» **Your assignment**
Whatever appears in the entries must be given again exactly.

____

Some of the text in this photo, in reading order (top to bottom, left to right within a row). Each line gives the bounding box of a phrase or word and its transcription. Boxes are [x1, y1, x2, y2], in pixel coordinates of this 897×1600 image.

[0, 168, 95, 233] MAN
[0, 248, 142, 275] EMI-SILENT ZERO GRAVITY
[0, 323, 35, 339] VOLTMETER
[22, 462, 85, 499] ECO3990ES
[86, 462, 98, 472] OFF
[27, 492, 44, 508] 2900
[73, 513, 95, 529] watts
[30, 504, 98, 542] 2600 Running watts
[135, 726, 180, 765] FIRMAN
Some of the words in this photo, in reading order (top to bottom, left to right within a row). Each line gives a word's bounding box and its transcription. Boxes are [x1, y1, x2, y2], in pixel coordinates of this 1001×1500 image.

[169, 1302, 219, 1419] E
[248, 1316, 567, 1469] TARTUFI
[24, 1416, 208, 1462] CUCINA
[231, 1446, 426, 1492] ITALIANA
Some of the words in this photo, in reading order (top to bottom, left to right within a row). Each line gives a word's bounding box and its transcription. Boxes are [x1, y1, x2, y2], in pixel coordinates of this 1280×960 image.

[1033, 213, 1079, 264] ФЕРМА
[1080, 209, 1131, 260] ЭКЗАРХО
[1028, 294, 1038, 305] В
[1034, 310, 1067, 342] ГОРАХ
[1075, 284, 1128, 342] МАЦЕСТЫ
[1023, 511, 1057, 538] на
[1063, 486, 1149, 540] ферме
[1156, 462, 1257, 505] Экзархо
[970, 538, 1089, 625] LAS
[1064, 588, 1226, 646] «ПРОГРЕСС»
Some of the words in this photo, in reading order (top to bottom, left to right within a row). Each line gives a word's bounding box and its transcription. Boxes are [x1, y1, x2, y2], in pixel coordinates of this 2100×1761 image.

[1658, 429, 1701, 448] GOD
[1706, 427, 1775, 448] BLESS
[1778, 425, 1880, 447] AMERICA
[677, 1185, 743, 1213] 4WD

____

» **Output of the exercise**
Some of the text in this photo, in reading order (top to bottom, left to right within a row). Each line gives the bounding box of a phrase or word and its transcription. Boxes are [x1, y1, x2, y2], in pixel coordinates of this 897×1600 image.

[0, 168, 95, 233] MAN
[0, 248, 142, 275] EMI-SILENT ZERO GRAVITY
[0, 323, 35, 339] VOLTMETER
[22, 462, 85, 499] ECO3990ES
[86, 462, 98, 472] OFF
[27, 492, 44, 508] 2900
[73, 513, 95, 529] watts
[30, 504, 98, 542] 2600 Running watts
[135, 726, 180, 765] FIRMAN
Some of the words in this photo, in reading order (top to bottom, left to right within a row). Each line gives a word's bounding box and its transcription. Boxes are [x1, y1, x2, y2], in pixel coordinates of this 1001×1500 image.

[169, 1302, 219, 1419] E
[248, 1316, 567, 1469] TARTUFI
[24, 1416, 208, 1462] CUCINA
[231, 1446, 426, 1492] ITALIANA
Some of the words in this photo, in reading order (top to bottom, left to right within a row). Each line gives a word's bounding box and its transcription. Boxes are [x1, y1, x2, y2], in pixel coordinates of this 1280×960 image.

[1033, 213, 1079, 264] ФЕРМА
[1080, 209, 1131, 260] ЭКЗАРХО
[1028, 294, 1038, 305] В
[1034, 310, 1067, 342] ГОРАХ
[1075, 284, 1128, 342] МАЦЕСТЫ
[1023, 511, 1057, 538] на
[1063, 486, 1149, 540] ферме
[1156, 462, 1257, 505] Экзархо
[970, 538, 1089, 625] LAS
[1064, 588, 1226, 646] «ПРОГРЕСС»
Some of the words in this photo, in reading order (top to bottom, left to right within a row). Each line gives a word's bounding box and its transcription. Boxes are [x1, y1, x2, y2], in pixel coordinates of this 2100×1761 image.

[1658, 429, 1701, 448] GOD
[1706, 427, 1775, 448] BLESS
[1778, 425, 1880, 447] AMERICA
[677, 1185, 743, 1213] 4WD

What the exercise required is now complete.